Der ELTERN-Rat für Dich: Versuche, schon bei der Kreißsaalführung die Stimmung im Team zu erspüren: Gehen Hebammen und Ärzte respektvoll miteinander um? Oder klemmt es? Du willst sicher sein, nicht in einen Kleinkrieg der Geburtshelfer zu geraten? Inzwischen gibt es auch immer mehr Krankenhäuser mit hebammengeleiteten Kreißsälen. Das heißt: Nur wenn es zu Komplikationen kommt, holt die Hebamme einen Arzt dazu. Ansonsten leitet nur sie die Geburt, die Medizin ist zur Sicherheit im Hintergrund – in Rufbereitschaft.
9. Dammschnitt möglichst ablehnen, weil er oft schwerer heilt als ein Riss
Routine ist der Dammschnitt glücklicherweise nicht mehr. Aber immer noch weist die Statistik eine Schnittrate um 60 Prozent aus. Heißt: Du solltest damit rechnen, dass der Arzt zur Schere greifen will. Im richtigen Moment gesetzt tut der Schnitt nicht weh. Und richtig vernäht, darf die Wunde schon ein paar Tage nach der Geburt keine Probleme mehr machen. Der Dammschnitt kann dem Baby helfen, leichter auf die Welt zu schlüpfen. Du kannst Dir das so vorstellen: Bei der Geburt muss Dein Kleines mit dem Köpfchen wie durch einen sehr engen Rollkragenpullover. Ein Schnitt ins Gewebe macht die Öffnung größer, es geht schneller.

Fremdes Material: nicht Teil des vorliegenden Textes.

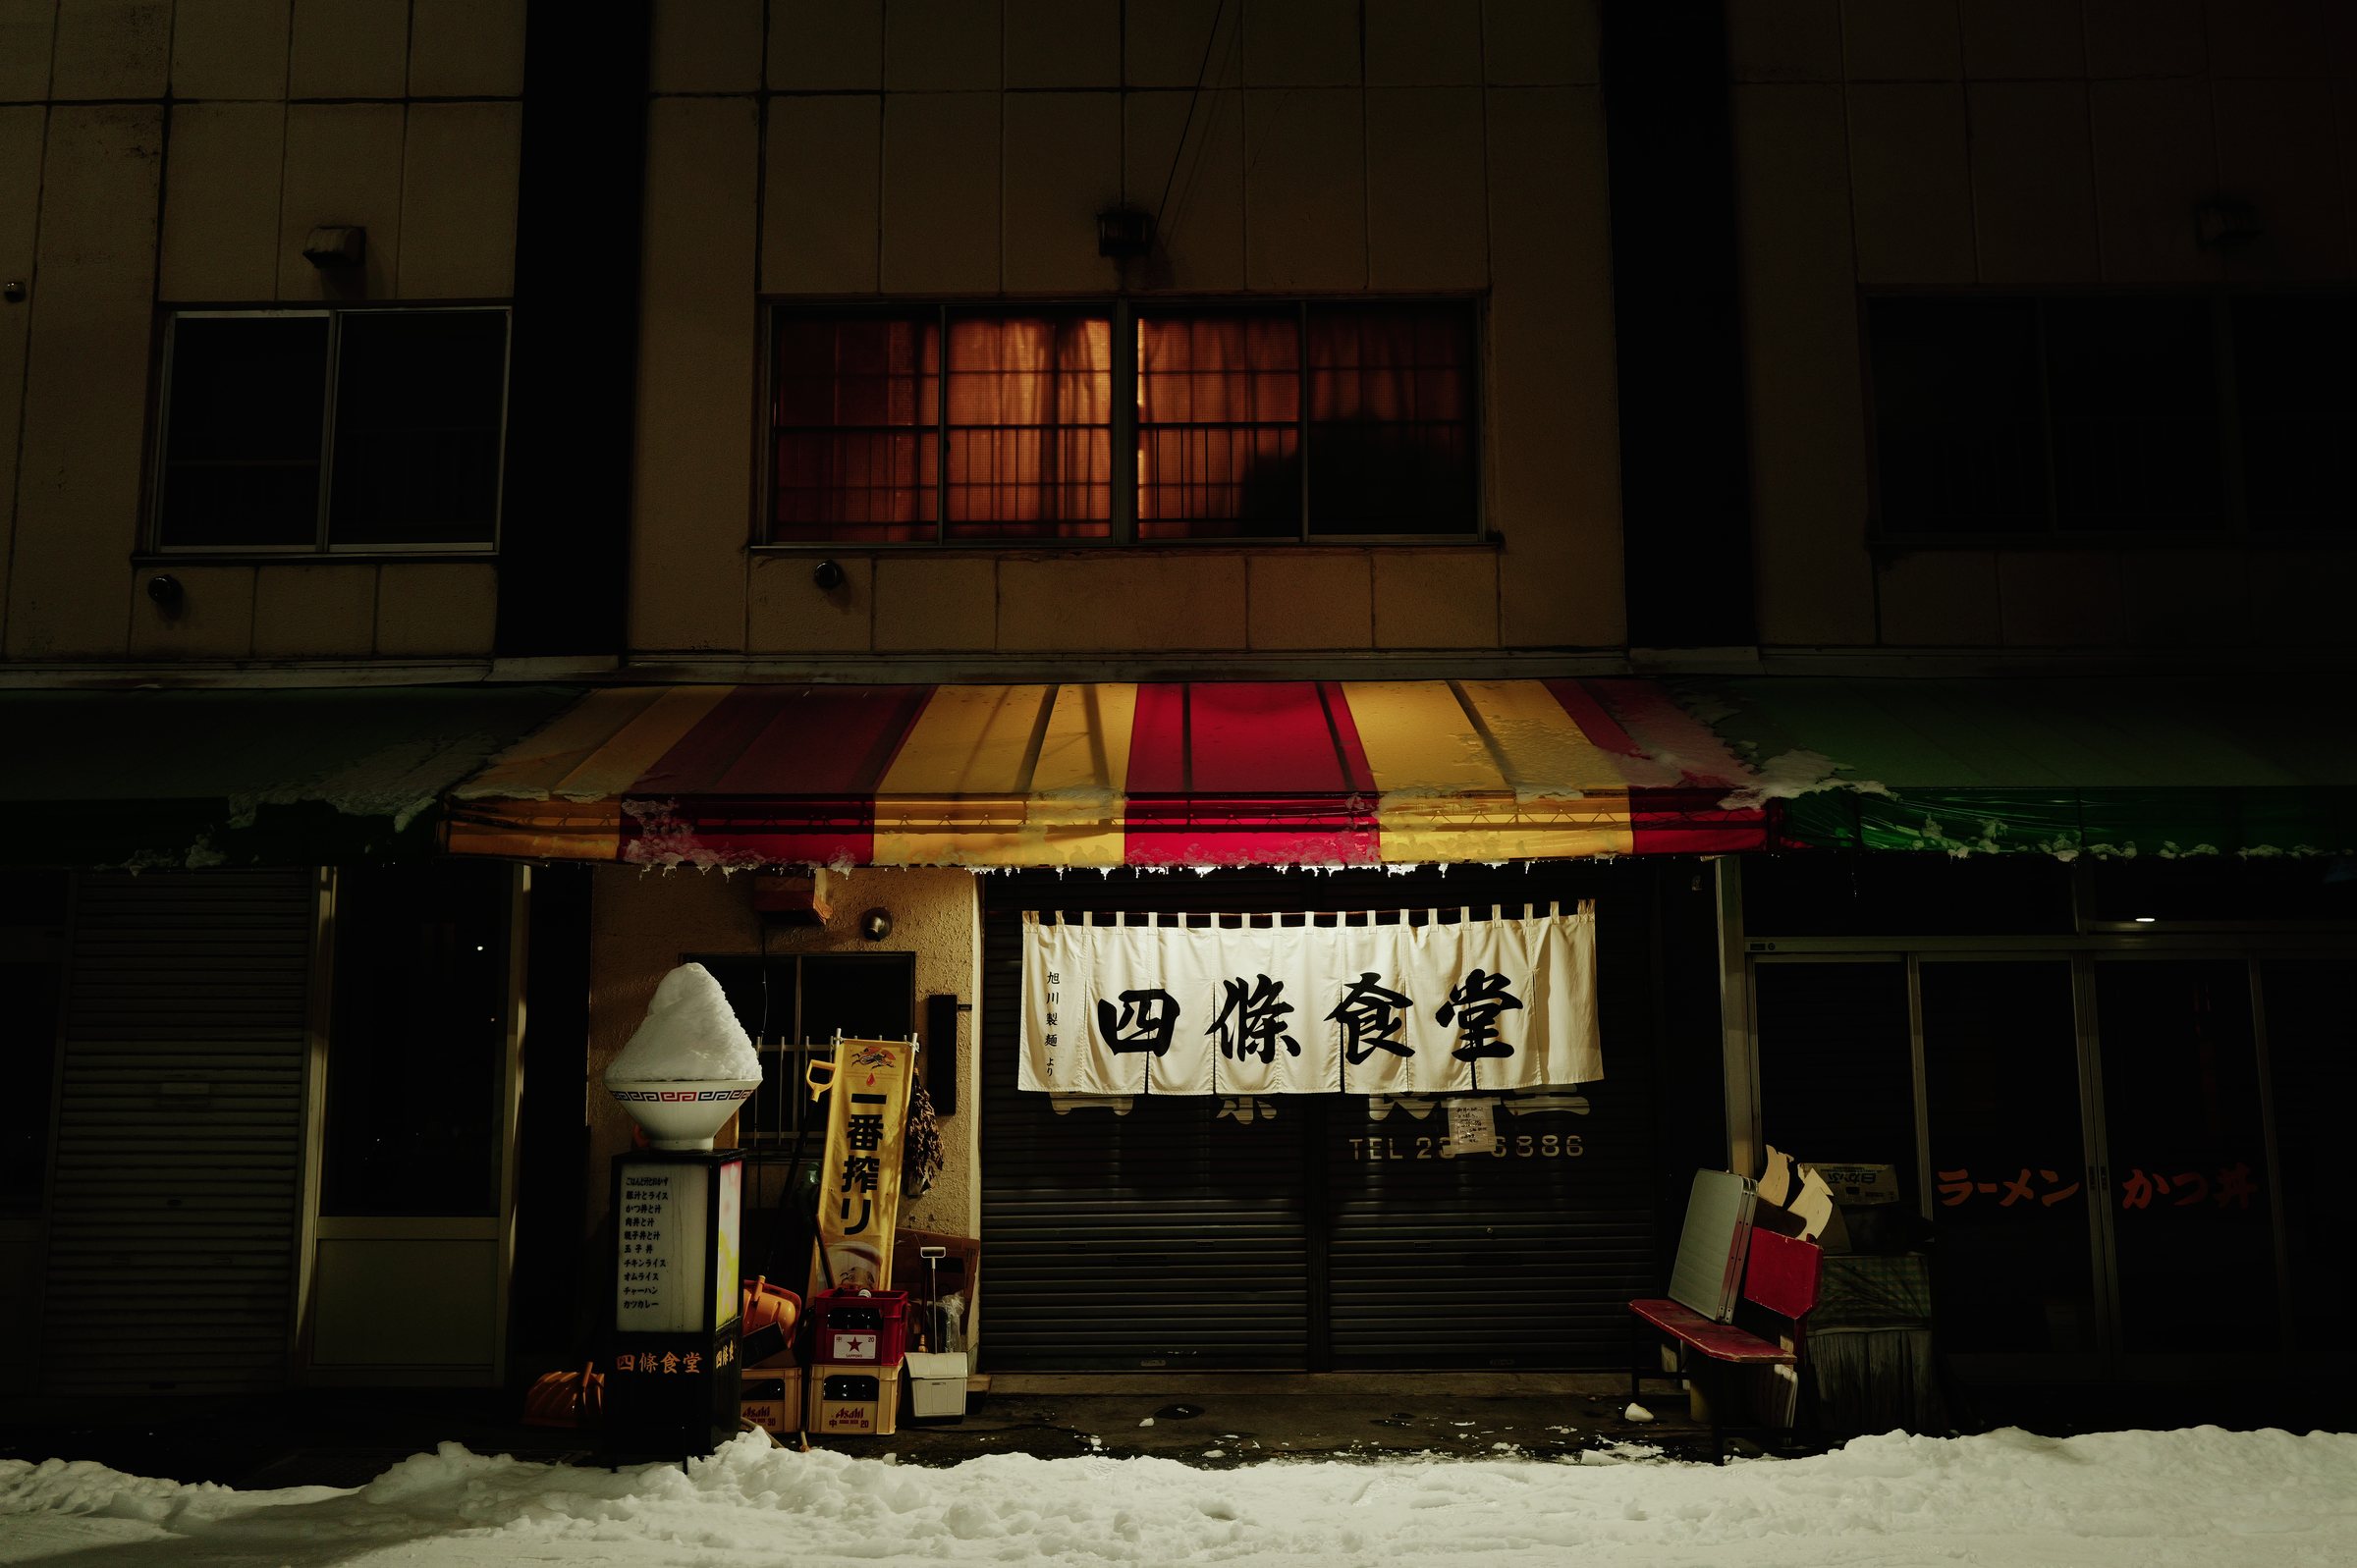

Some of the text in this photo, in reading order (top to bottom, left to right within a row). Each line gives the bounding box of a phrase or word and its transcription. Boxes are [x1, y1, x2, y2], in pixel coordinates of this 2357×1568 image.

Aber: Die Hilfe mit der Schere ist umstritten. Denn ohne Schnitt kann das Gewebe zwar reißen, aber nur genauso viel, wie es sein muss, um das Babyköpfchen durchzulassen. Sorgfältig genäht heilt der Riss oft sogar besser als der Schnitt.
Der ELTERN-Rat für Dich: Frage in Deiner Geburtsklinik nach den Dammschnitt-Raten. Du merkst gleich, ob man sie bereitwillig nennt oder herumdruckst. Und: Sage im Kreißsaal, dass Du es ohne Dammschnitt versuchen möchtest. Dein Wunsch wird so weit es geht respektiert.
10. Sich Ruhe gönnen nach der Geburt, weil Du Dein Kind dann besser kennenlernst
Zum Glück kommen über 95 Prozent aller Babys gesund zur Welt und brauchen in den ersten Lebensstunden keine medizinische Hilfe. Also alle Zeit der Welt, das Kleine in Ruhe kennenzulernen? Leider nicht. Meist werden die jungen Eltern schon etwa eine halbe Stunde nach der Geburt aus dem Kreißsaal „vertrieben“. Vor allem, weil der Raum für das nächste Paar hergerichtet werden muss. Natürlich ist es auch auf der Wochenstation kuschelig, aber die Unterbrechung für den Weg dorthin stört. Zudem sind Einzelzimmer auf Wochenstationen rar. Meist bekommen sie Privatpatientinnen. Schade, wenn Du den Zauber der ersten Stunden mit wildfremden Menschen teilen musst.
Der ELTERN-Rat für Dich: Die Hebammen sind meistens ehrlich, wenn Dunachfragst, wie viel Zeit man Dir nach der Geburt lässt. Eine Faustregel: In größeren Häusern mit sechs bis acht Kreißsälen ist die Chance größer, dass Du nicht gleich raus musst. Gibt’s dagegen nur ein oder zwei Gebärzimmer, wollen die Hebammen meist schneller Platz für die neuen Frauen in den Wehen haben.